Black Pine animal sanctuary provides permanent home to rescued exotics

2013-05-02T02:45:00Z 2013-05-07T11:09:03Z Black Pine animal sanctuary provides permanent home to rescued exoticsCarrie Rodovich Times Correspondent
May 02, 2013 2:45 am  • 

Nestled just two hours east of Lake County, Black Pine Animal Sanctuary in Albion, Indiana, offers a permanent home to nearly 100 exotic animals.

The sanctuary is home to nine tigers and six black bears, as well as dozens of other animals that were born in captivity and products of the exotic animal trade, said Lori Gagen, executive of the Black Pine Animal Sanctuary.

The sanctuary was first opened to the public in 1995 and moved to its new, larger home in 2006. It is regularly opened to the public for guided tours.

Not only does Black Pine provide a permanent home to animals who were rescued displaced from their previous homes, it also educates people about responsible pet ownership, Gagen said.

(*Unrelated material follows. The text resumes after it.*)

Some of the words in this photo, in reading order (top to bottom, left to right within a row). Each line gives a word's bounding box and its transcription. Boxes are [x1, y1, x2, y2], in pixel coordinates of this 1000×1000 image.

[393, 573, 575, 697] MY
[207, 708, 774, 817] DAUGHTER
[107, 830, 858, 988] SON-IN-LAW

The exotic pet trade is a $10 billion a year industry in the United States, Gagen said, and the animals get poached, smuggled and auctioned off as pets.

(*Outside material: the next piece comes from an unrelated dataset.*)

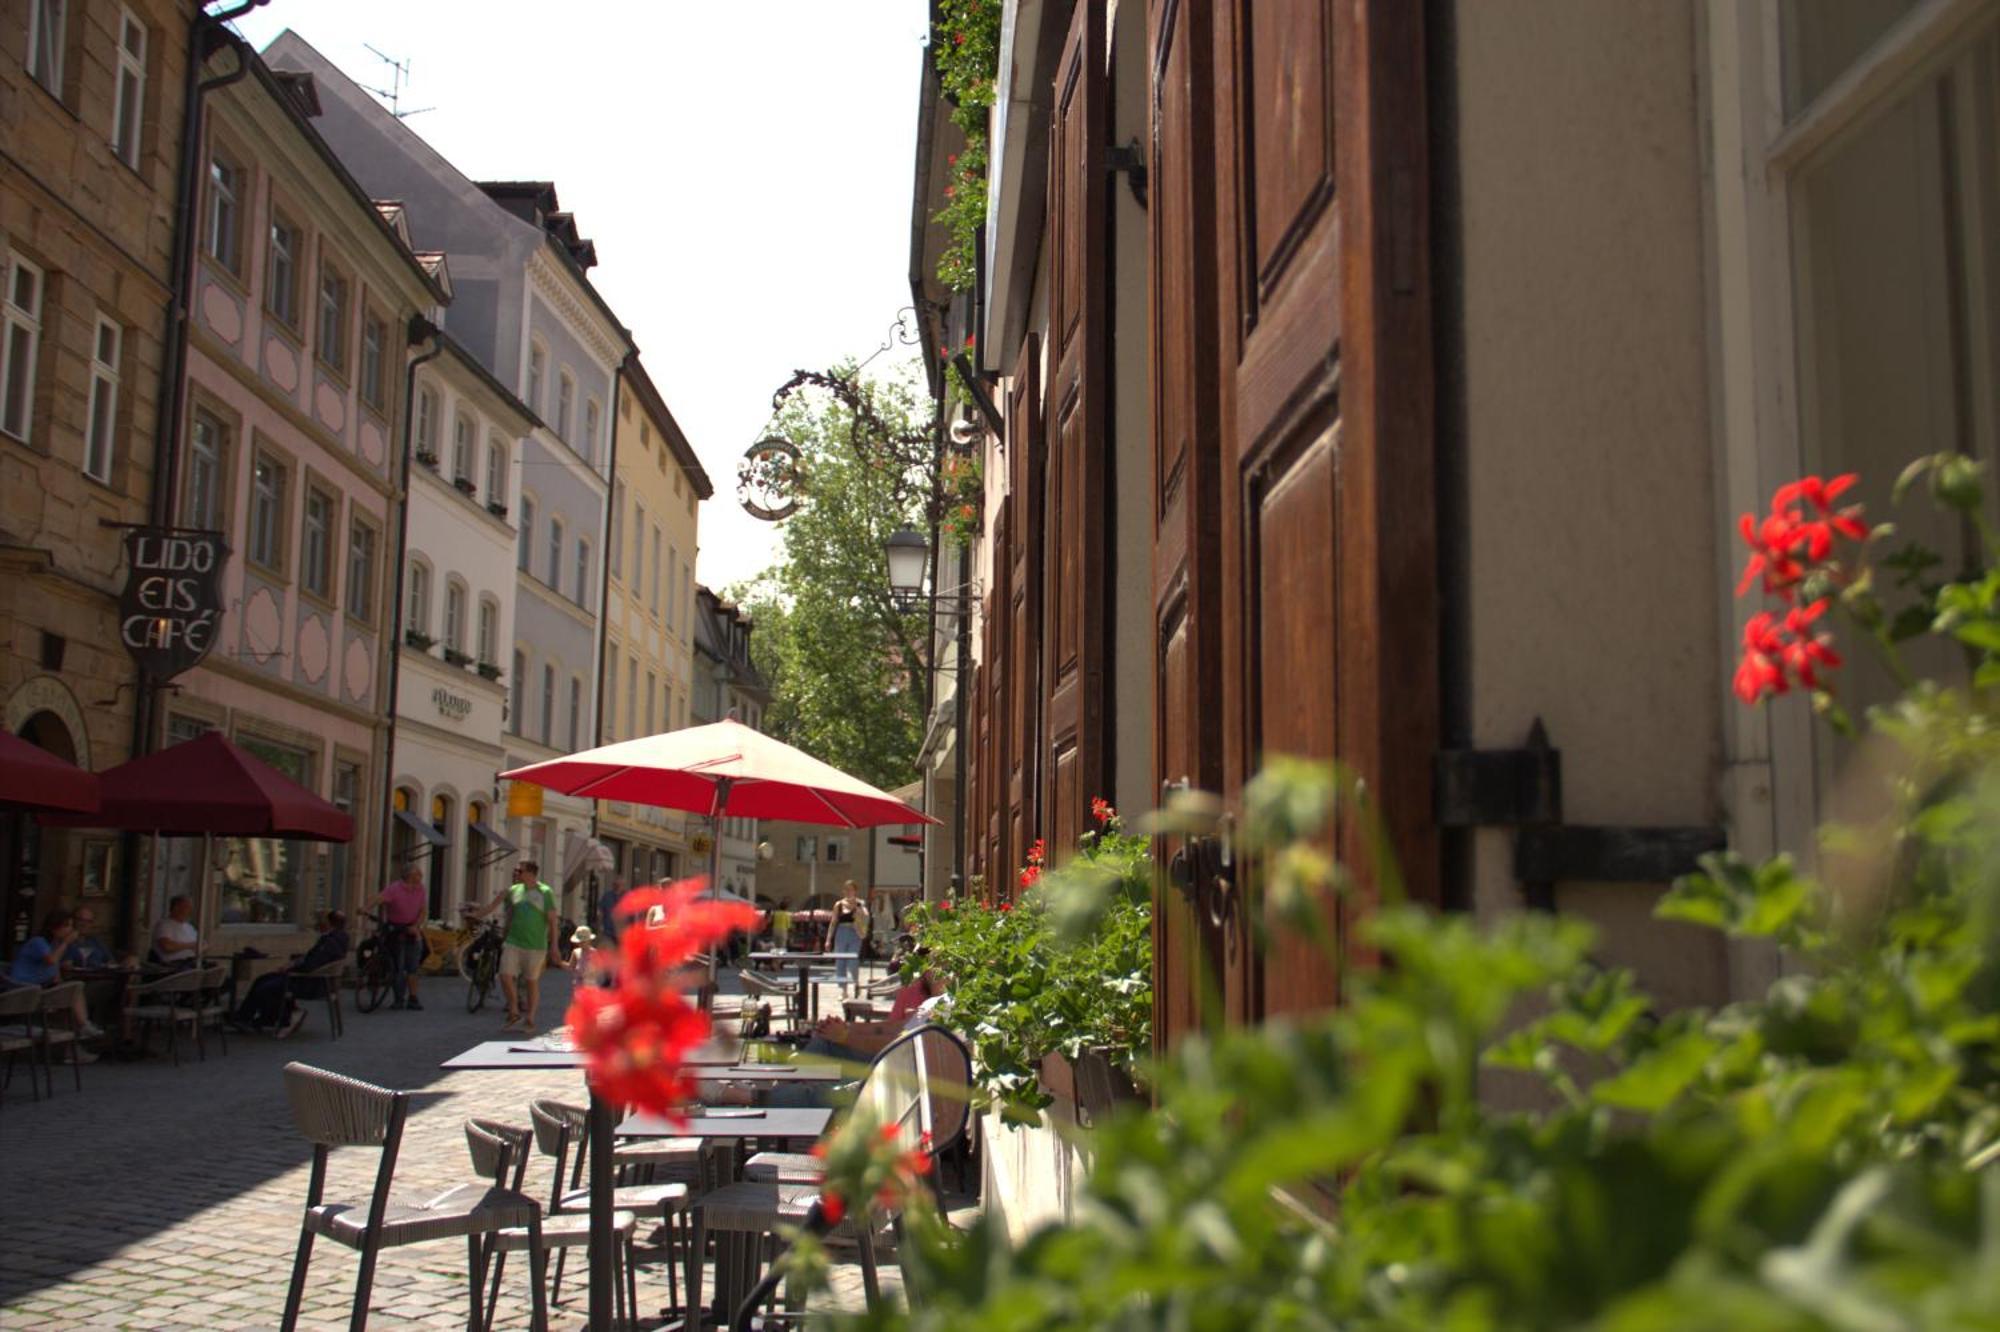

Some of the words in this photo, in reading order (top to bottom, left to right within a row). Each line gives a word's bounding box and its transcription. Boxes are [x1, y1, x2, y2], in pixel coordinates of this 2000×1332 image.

[136, 537, 213, 572] LIDO
[139, 577, 198, 611] EIS
[122, 609, 212, 651] CAFÉ

“A large number of those animals wind up growing too large, too dangerous or too expensive to be kept and are surrendered or confiscated and moved to sanctuaries like Black Pine,” she said. “In addition to giving these animals safe and permanent refuge, we aim to help educate the public about the plight of these animals, the overpopulation of captive exotics and the lack of laws to protect both the animals and their welfare, as well as public safety.”

In addition to the tigers and bears, visitors can expect to see leopards, lions, cougars, wolves, monkeys and reptiles.

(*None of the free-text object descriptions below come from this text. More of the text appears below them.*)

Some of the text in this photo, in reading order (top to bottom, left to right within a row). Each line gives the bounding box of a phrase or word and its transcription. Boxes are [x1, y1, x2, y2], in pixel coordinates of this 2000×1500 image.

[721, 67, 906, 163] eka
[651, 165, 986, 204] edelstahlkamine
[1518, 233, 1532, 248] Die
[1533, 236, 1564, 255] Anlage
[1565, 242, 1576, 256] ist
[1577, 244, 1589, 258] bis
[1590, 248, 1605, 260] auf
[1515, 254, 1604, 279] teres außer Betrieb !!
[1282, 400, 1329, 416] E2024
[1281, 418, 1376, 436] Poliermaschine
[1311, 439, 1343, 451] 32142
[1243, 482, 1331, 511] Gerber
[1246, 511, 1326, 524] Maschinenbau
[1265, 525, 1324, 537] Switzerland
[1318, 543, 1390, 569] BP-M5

“(We) require all visitors respect (our) rules that exist to help ensure the animals remain comfortable, relaxed and content,” she said. Teasing the animals, loud voices, or running are not permitted inside the sanctuary.

“These efforts help create a calm atmosphere that enhances the opportunity to see rare and endangered species up close, yet safely.” 

The sanctuary is continually expanding, Gagen said. They are currently raising funds to complete construction for a permanent tiger habitat for four captive-raised tigers who were rescued in October. They also planning to build a new outdoor yard and pool for an alligator that was rescued from a bathtub in a Bloomington, Indiana, fraternity house.

In the future, they would like to construct a multi-purpose building to offer snacks and give visitor orientations. They also would like to build a building dedicated to caring for the facility’s parrots.

The sanctuary is run by two full-time and one part-time employee, as well as 55 volunteers and unpaid interns, Gagen said. The sanctuary holds a variety of special events that help provide the funding needed to support their non-profit mission, she said.

Gagen said she wants people to come to the sanctuary not only to enjoy seeing the beautiful animals, but also to learn more about why keeping them as pets is not a good idea.

“We want to make people aware of the epidemic that exists uniquely in America for people to keep non-domestic animals in their homes, back yards, and in other unnatural settings,” she said. “Those actions have effects on wild populations, public safety and on the animals themselves. We want the stories we can share to plant a seed of awareness in people to care, to act and to help stop the epidemic.”